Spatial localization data

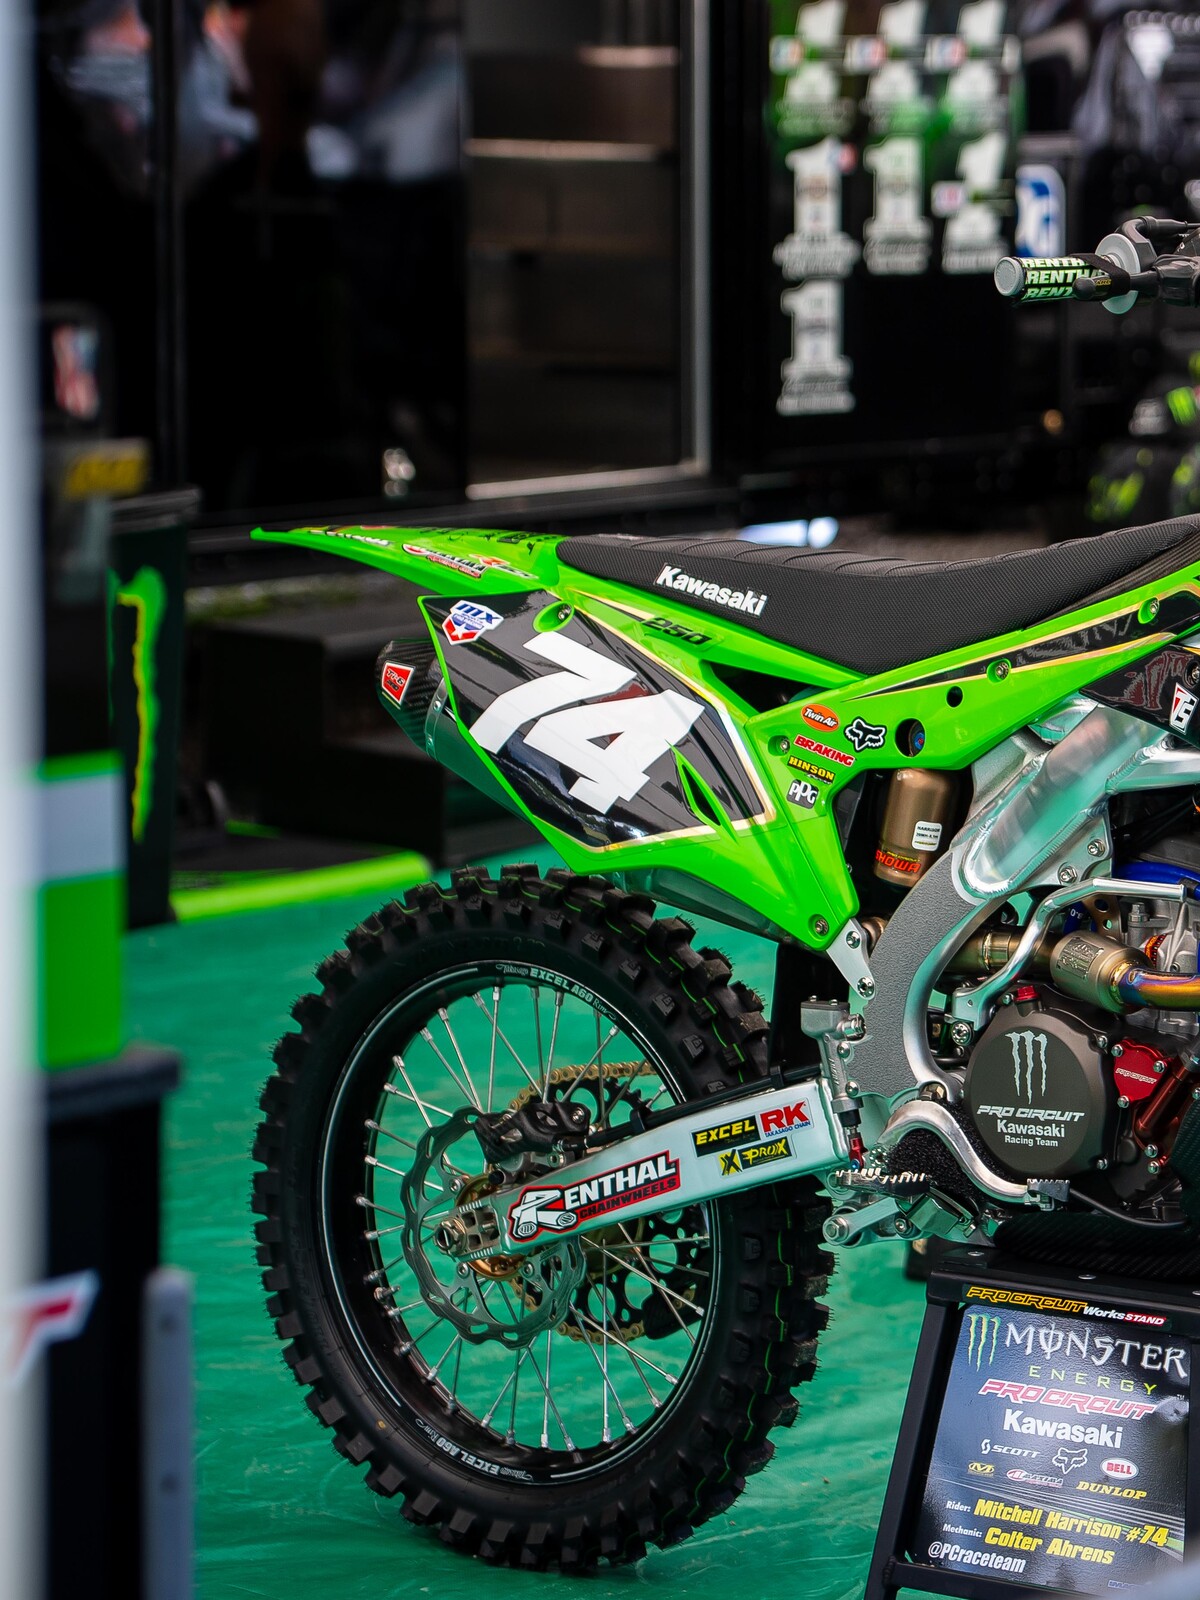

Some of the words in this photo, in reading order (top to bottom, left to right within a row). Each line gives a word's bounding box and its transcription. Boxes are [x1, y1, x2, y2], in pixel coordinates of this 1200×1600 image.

[657, 565, 767, 617] Kawasaki
[641, 617, 714, 645] 250
[468, 632, 705, 815] 74
[803, 707, 824, 723] Twin
[822, 716, 837, 728] Air
[794, 734, 855, 767] BRAKING
[788, 756, 835, 781] HINSON
[875, 849, 922, 873] SHOWA
[529, 967, 570, 990] EXCEL
[570, 984, 594, 1003] A60
[760, 1100, 810, 1133] RK
[765, 1126, 794, 1138] TAKASAGO
[793, 1120, 811, 1130] CHAIN
[976, 1104, 1014, 1118] PRO
[1015, 1108, 1085, 1122] CIRCUIT
[997, 1119, 1065, 1138] Kawasaki
[695, 1119, 756, 1146] EXCEL
[1004, 1134, 1034, 1148] Racing
[1035, 1137, 1058, 1147] Team
[511, 1157, 678, 1240] RENTHAL
[579, 1177, 678, 1219] CHAINWHEELS
[966, 1285, 1011, 1303] PRO
[1008, 1292, 1089, 1313] CIRCUIT
[1005, 1322, 1188, 1379] MONSTER
[1028, 1364, 1158, 1396] ENERGY
[978, 1378, 1044, 1405] PRO
[1040, 1388, 1158, 1421] CIRCUIT
[1003, 1408, 1123, 1449] Kawasaki
[991, 1443, 1042, 1459] SCOTT
[1106, 1462, 1133, 1475] BELL
[1075, 1481, 1148, 1500] DUNLOP
[945, 1500, 972, 1513] Rider:
[973, 1499, 1044, 1526] Mitchell
[1045, 1511, 1122, 1540] Harrison
[1124, 1524, 1169, 1548] #74
[927, 1541, 1027, 1574] @PCraceteam
[942, 1523, 983, 1539] Mechanic:
[984, 1527, 1044, 1553] Colter
[1045, 1537, 1116, 1566] Ahrens
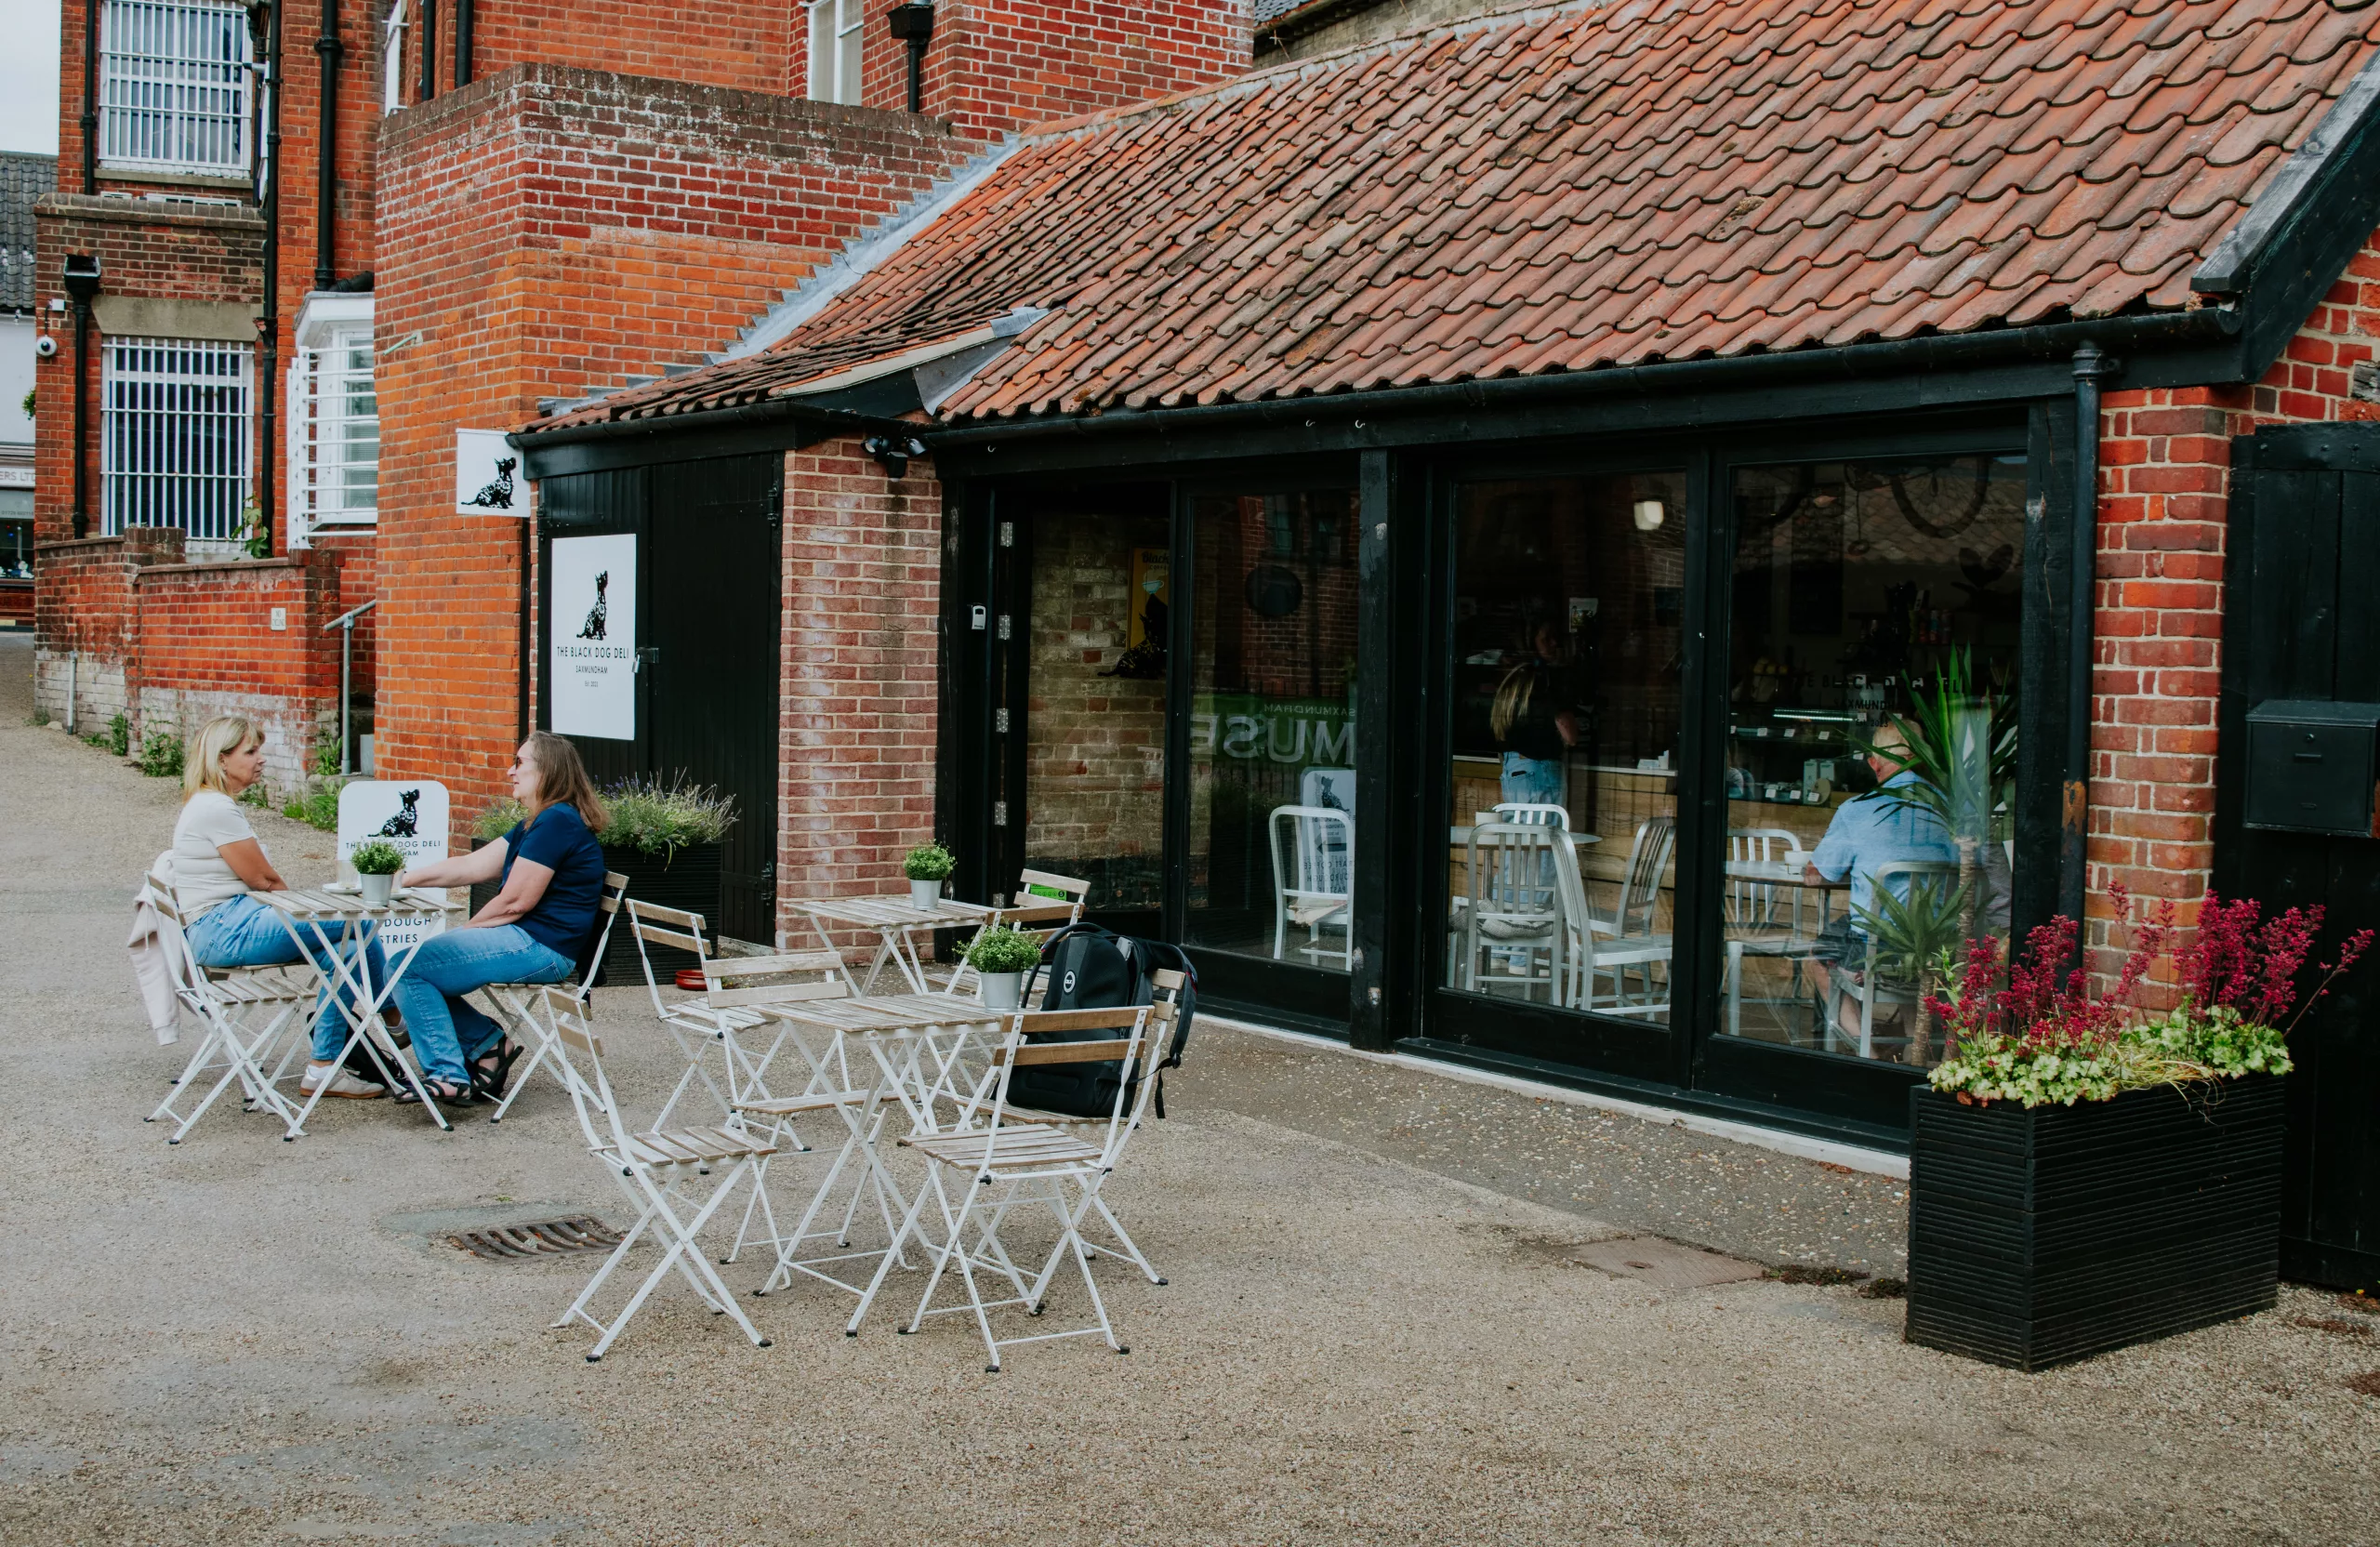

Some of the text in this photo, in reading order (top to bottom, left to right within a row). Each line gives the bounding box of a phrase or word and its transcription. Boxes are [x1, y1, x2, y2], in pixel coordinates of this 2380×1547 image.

[557, 646, 629, 658] THE BLACK DOG DELI
[384, 918, 431, 927] DOUGH
[380, 933, 418, 944] STRIES

### INSTRUCTIONS FOR THE TASK
What you write should match the entries exactly, except that the pictures are dropped.

### SOLUTION
Some of the words in this photo, in reading order (top to bottom, left to right within a row). Each line gives a word's bounding box and its transcription. Boxes are [x1, y1, x2, y2], in pixel coordinates of this 1200×1600 image.

[657, 565, 767, 617] Kawasaki
[641, 617, 714, 645] 250
[468, 632, 705, 815] 74
[803, 707, 824, 723] Twin
[822, 716, 837, 728] Air
[794, 734, 855, 767] BRAKING
[788, 756, 835, 781] HINSON
[875, 849, 922, 873] SHOWA
[529, 967, 570, 990] EXCEL
[570, 984, 594, 1003] A60
[760, 1100, 810, 1133] RK
[765, 1126, 794, 1138] TAKASAGO
[793, 1120, 811, 1130] CHAIN
[976, 1104, 1014, 1118] PRO
[1015, 1108, 1085, 1122] CIRCUIT
[997, 1119, 1065, 1138] Kawasaki
[695, 1119, 756, 1146] EXCEL
[1004, 1134, 1034, 1148] Racing
[1035, 1137, 1058, 1147] Team
[511, 1157, 678, 1240] RENTHAL
[579, 1177, 678, 1219] CHAINWHEELS
[966, 1285, 1011, 1303] PRO
[1008, 1292, 1089, 1313] CIRCUIT
[1005, 1322, 1188, 1379] MONSTER
[1028, 1364, 1158, 1396] ENERGY
[978, 1378, 1044, 1405] PRO
[1040, 1388, 1158, 1421] CIRCUIT
[1003, 1408, 1123, 1449] Kawasaki
[991, 1443, 1042, 1459] SCOTT
[1106, 1462, 1133, 1475] BELL
[1075, 1481, 1148, 1500] DUNLOP
[945, 1500, 972, 1513] Rider:
[973, 1499, 1044, 1526] Mitchell
[1045, 1511, 1122, 1540] Harrison
[1124, 1524, 1169, 1548] #74
[927, 1541, 1027, 1574] @PCraceteam
[942, 1523, 983, 1539] Mechanic:
[984, 1527, 1044, 1553] Colter
[1045, 1537, 1116, 1566] Ahrens

Some of the text in this photo, in reading order (top to bottom, left to right within a row). Each line gives the bounding box of a phrase or word and its transcription. Boxes are [x1, y1, x2, y2], in pixel coordinates of this 2380×1547 image.

[557, 646, 629, 658] THE BLACK DOG DELI
[384, 918, 431, 927] DOUGH
[380, 933, 418, 944] STRIES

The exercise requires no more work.